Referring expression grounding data
□ □ □ □ □

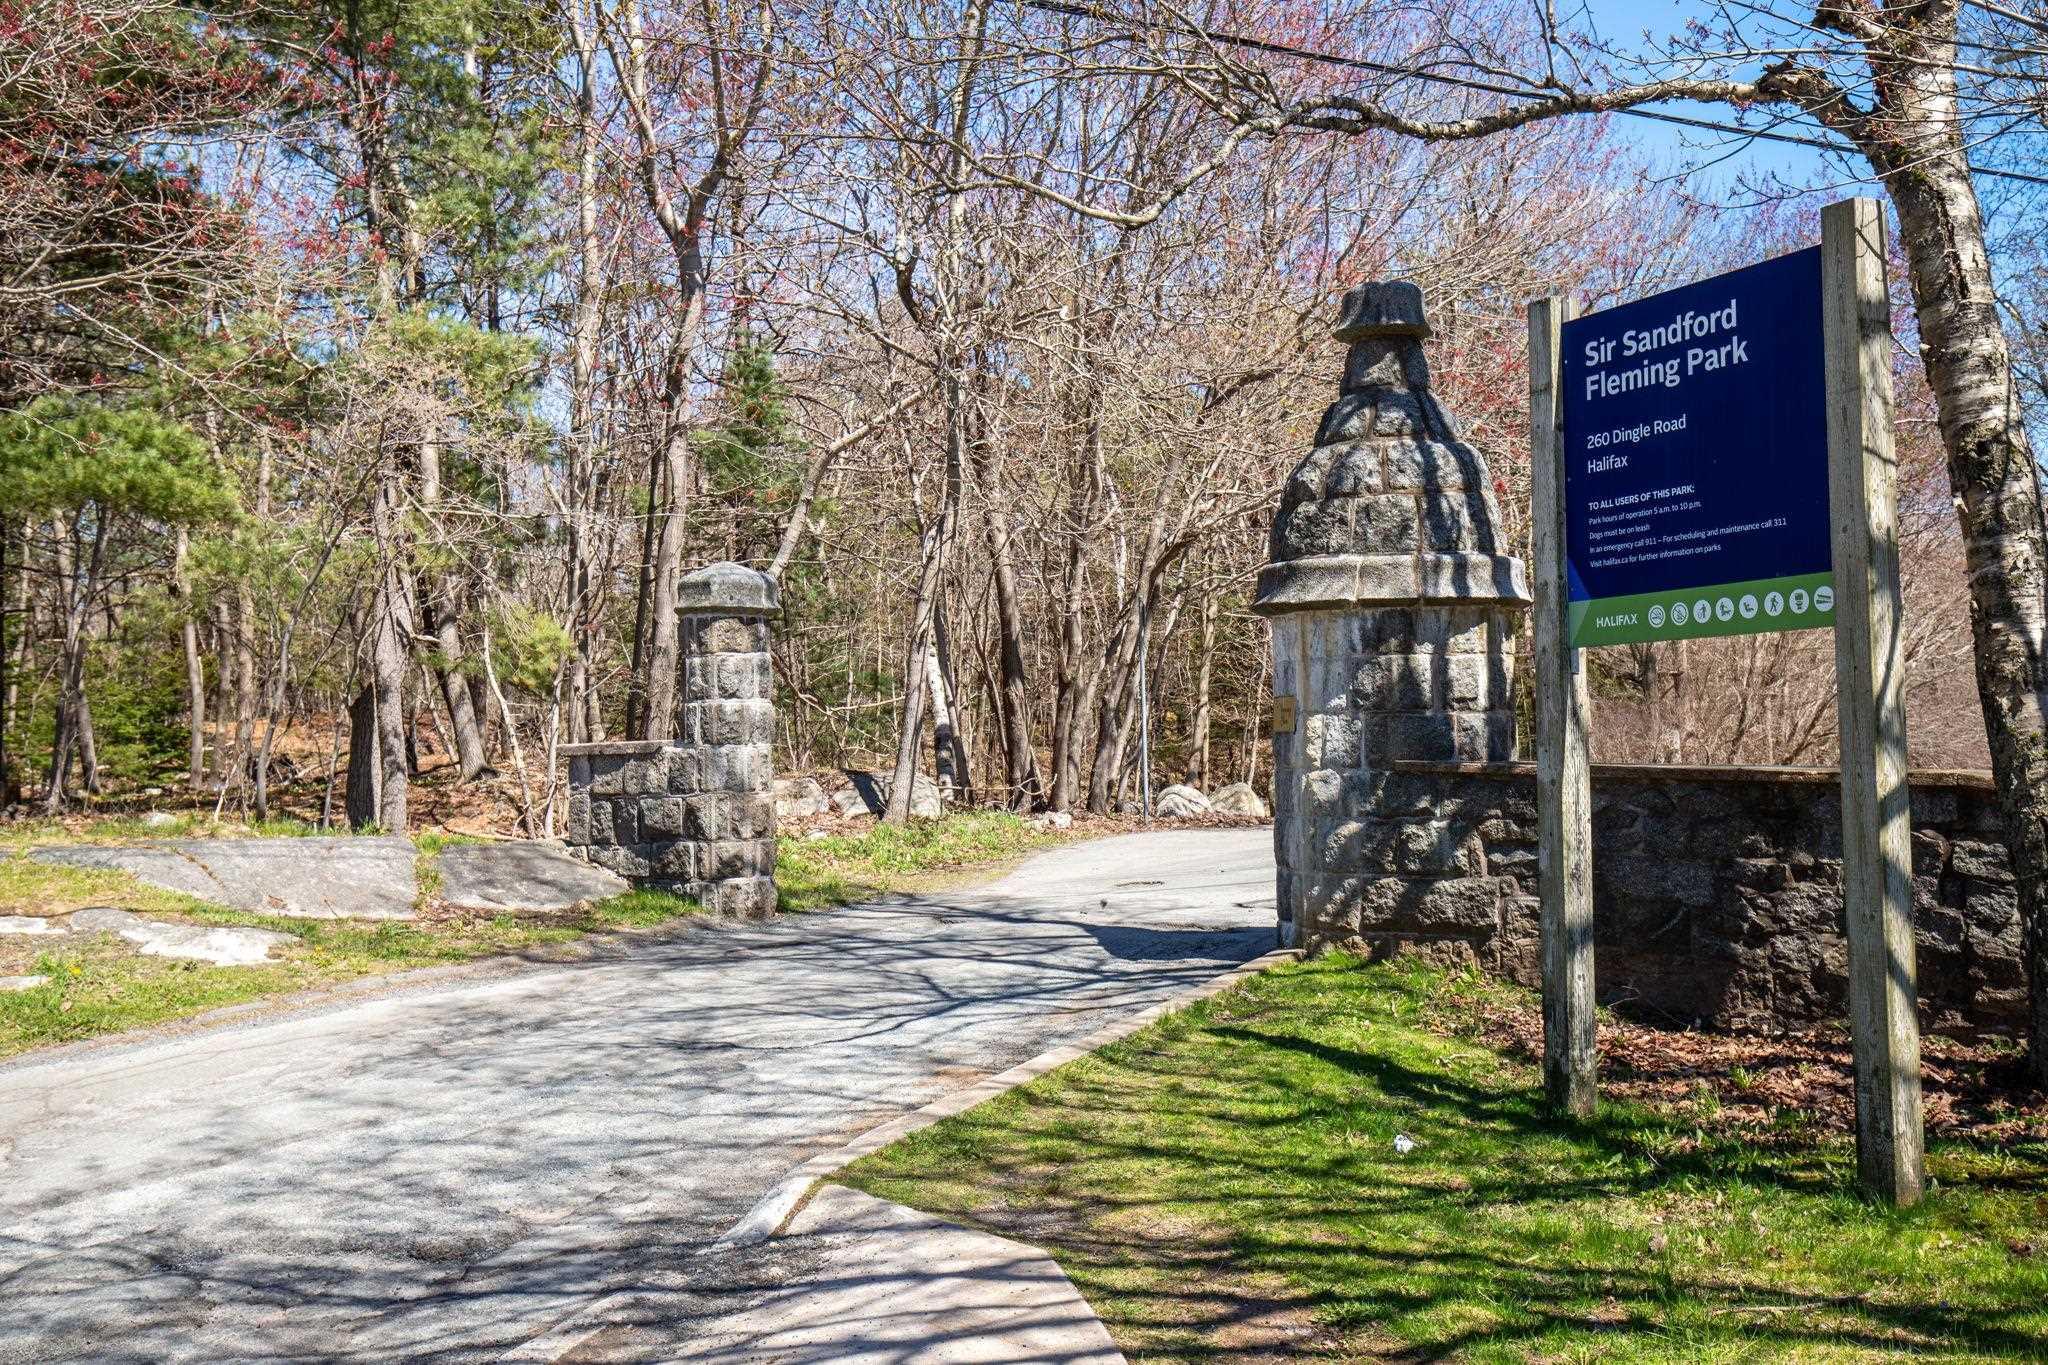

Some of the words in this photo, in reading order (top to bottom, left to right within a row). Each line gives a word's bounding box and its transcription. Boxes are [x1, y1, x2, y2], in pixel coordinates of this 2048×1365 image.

[1585, 337, 1616, 366] Sir
[1622, 299, 1737, 356] Sandford
[1586, 359, 1680, 400] Fleming
[1687, 336, 1748, 375] Park
[1587, 432, 1609, 449] 260
[1612, 424, 1650, 442] Dingle
[1654, 414, 1686, 434] Road
[1588, 454, 1628, 473] Halifax
[1588, 502, 1599, 510] TO
[1600, 499, 1614, 508] ALL
[1615, 494, 1639, 505] USERS
[1640, 492, 1651, 501] OF
[1652, 489, 1670, 499] THIS
[1671, 485, 1695, 496] PARK:
[1589, 516, 1601, 525] Park
[1619, 512, 1625, 520] of
[1626, 509, 1653, 520] operation
[1654, 507, 1658, 515] 5
[1680, 502, 1688, 510] 10
[1589, 532, 1603, 540] Dogs
[1604, 529, 1618, 537] must
[1603, 542, 1633, 552] emergency
[1634, 539, 1644, 547] call
[1645, 537, 1657, 545] 911
[1674, 530, 1706, 542] scheduling
[1706, 528, 1718, 536] and
[1719, 524, 1760, 534] maintenance
[1760, 519, 1772, 529] call
[1774, 517, 1787, 527] 311
[1629, 555, 1637, 563] for
[1638, 552, 1658, 561] further
[1660, 548, 1694, 559] information
[1703, 544, 1721, 554] parks
[1596, 613, 1638, 628] HALIFAX

□ □ □ □ □

Exercise objective:
Word for word, repeat each line of the records, and leave every image out.

Answer section:
Some of the words in this photo, in reading order (top to bottom, left to right within a row). Each line gives a word's bounding box and its transcription. Boxes are [x1, y1, x2, y2], in pixel coordinates of this 2048×1365 image.

[1585, 337, 1616, 366] Sir
[1622, 299, 1737, 356] Sandford
[1586, 359, 1680, 400] Fleming
[1687, 336, 1748, 375] Park
[1587, 432, 1609, 449] 260
[1612, 424, 1650, 442] Dingle
[1654, 414, 1686, 434] Road
[1588, 454, 1628, 473] Halifax
[1588, 502, 1599, 510] TO
[1600, 499, 1614, 508] ALL
[1615, 494, 1639, 505] USERS
[1640, 492, 1651, 501] OF
[1652, 489, 1670, 499] THIS
[1671, 485, 1695, 496] PARK:
[1589, 516, 1601, 525] Park
[1619, 512, 1625, 520] of
[1626, 509, 1653, 520] operation
[1654, 507, 1658, 515] 5
[1680, 502, 1688, 510] 10
[1589, 532, 1603, 540] Dogs
[1604, 529, 1618, 537] must
[1603, 542, 1633, 552] emergency
[1634, 539, 1644, 547] call
[1645, 537, 1657, 545] 911
[1674, 530, 1706, 542] scheduling
[1706, 528, 1718, 536] and
[1719, 524, 1760, 534] maintenance
[1760, 519, 1772, 529] call
[1774, 517, 1787, 527] 311
[1629, 555, 1637, 563] for
[1638, 552, 1658, 561] further
[1660, 548, 1694, 559] information
[1703, 544, 1721, 554] parks
[1596, 613, 1638, 628] HALIFAX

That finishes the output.